PROBLEM DESCRIPTION: Your task is to transcribe all of the data below exactly, omitting the images.

MATERIAL TO PROCESS:
——————
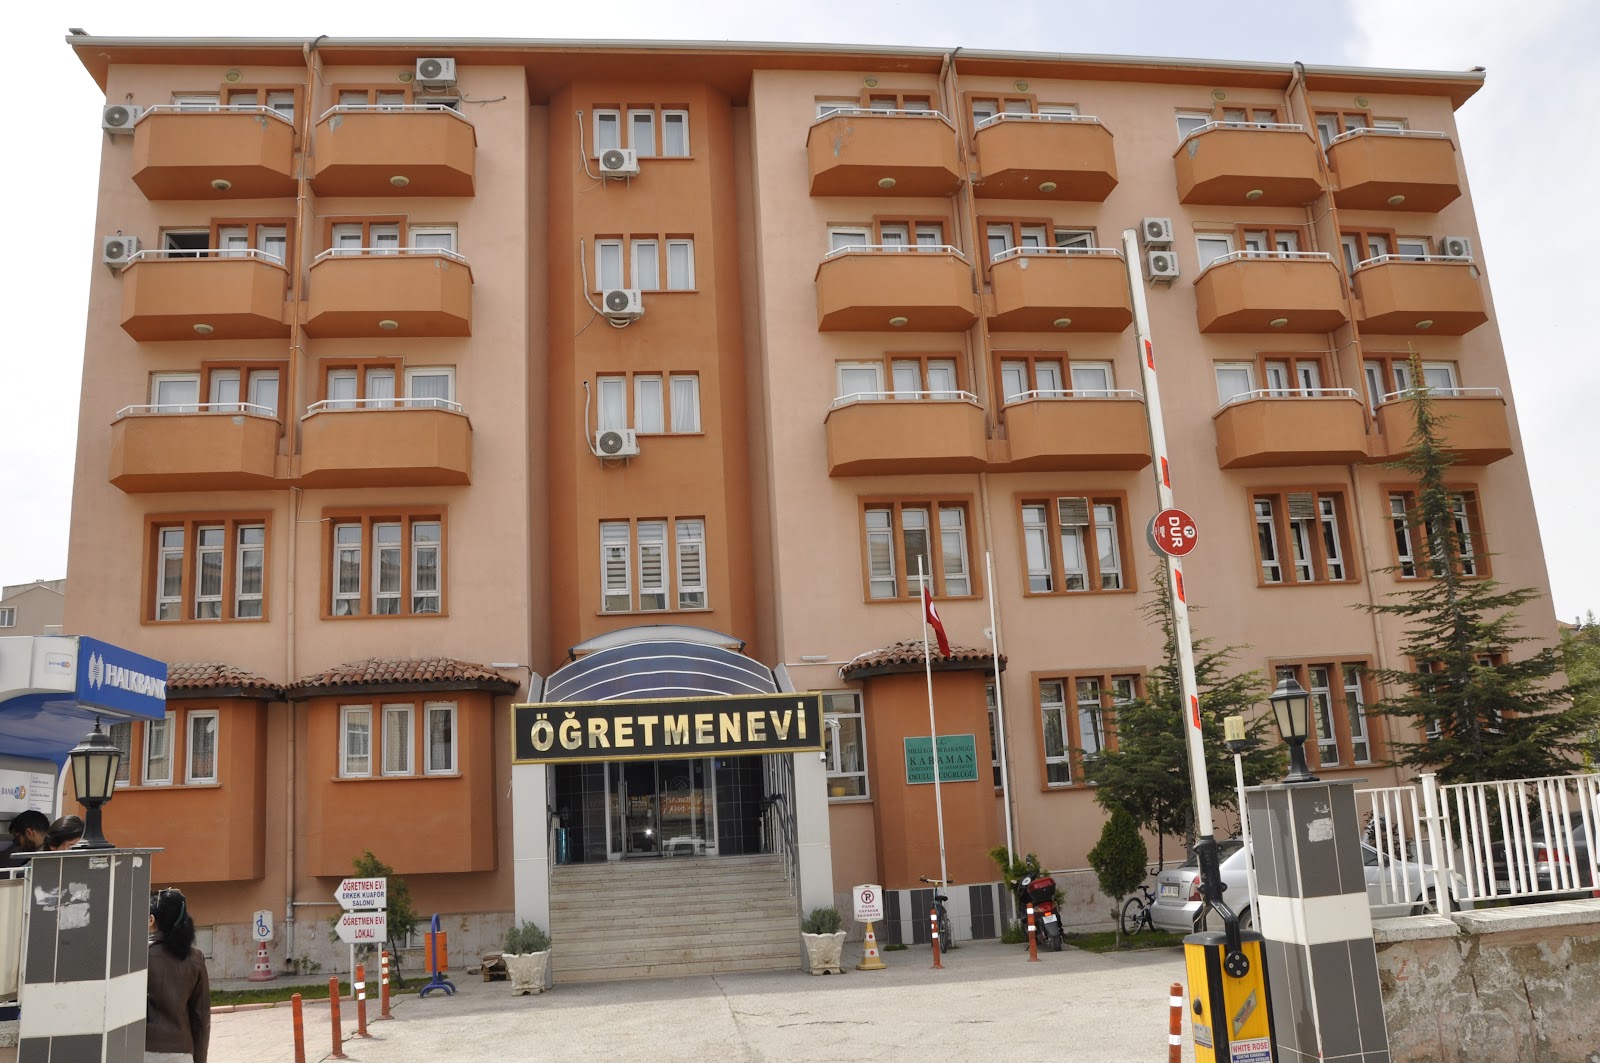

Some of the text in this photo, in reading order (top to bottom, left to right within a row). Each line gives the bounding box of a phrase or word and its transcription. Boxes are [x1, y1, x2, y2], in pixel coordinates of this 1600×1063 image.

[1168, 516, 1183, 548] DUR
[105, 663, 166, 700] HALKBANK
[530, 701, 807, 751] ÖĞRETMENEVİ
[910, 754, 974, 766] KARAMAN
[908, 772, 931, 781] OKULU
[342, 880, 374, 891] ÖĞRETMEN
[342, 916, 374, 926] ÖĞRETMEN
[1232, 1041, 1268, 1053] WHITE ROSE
——————
SOLVED EXERCISE:
Some of the text in this photo, in reading order (top to bottom, left to right within a row). Each line gives the bounding box of a phrase or word and its transcription. Boxes are [x1, y1, x2, y2], in pixel coordinates of this 1600×1063 image.

[1168, 516, 1183, 548] DUR
[105, 663, 166, 700] HALKBANK
[530, 701, 807, 751] ÖĞRETMENEVİ
[910, 754, 974, 766] KARAMAN
[908, 772, 931, 781] OKULU
[342, 880, 374, 891] ÖĞRETMEN
[342, 916, 374, 926] ÖĞRETMEN
[1232, 1041, 1268, 1053] WHITE ROSE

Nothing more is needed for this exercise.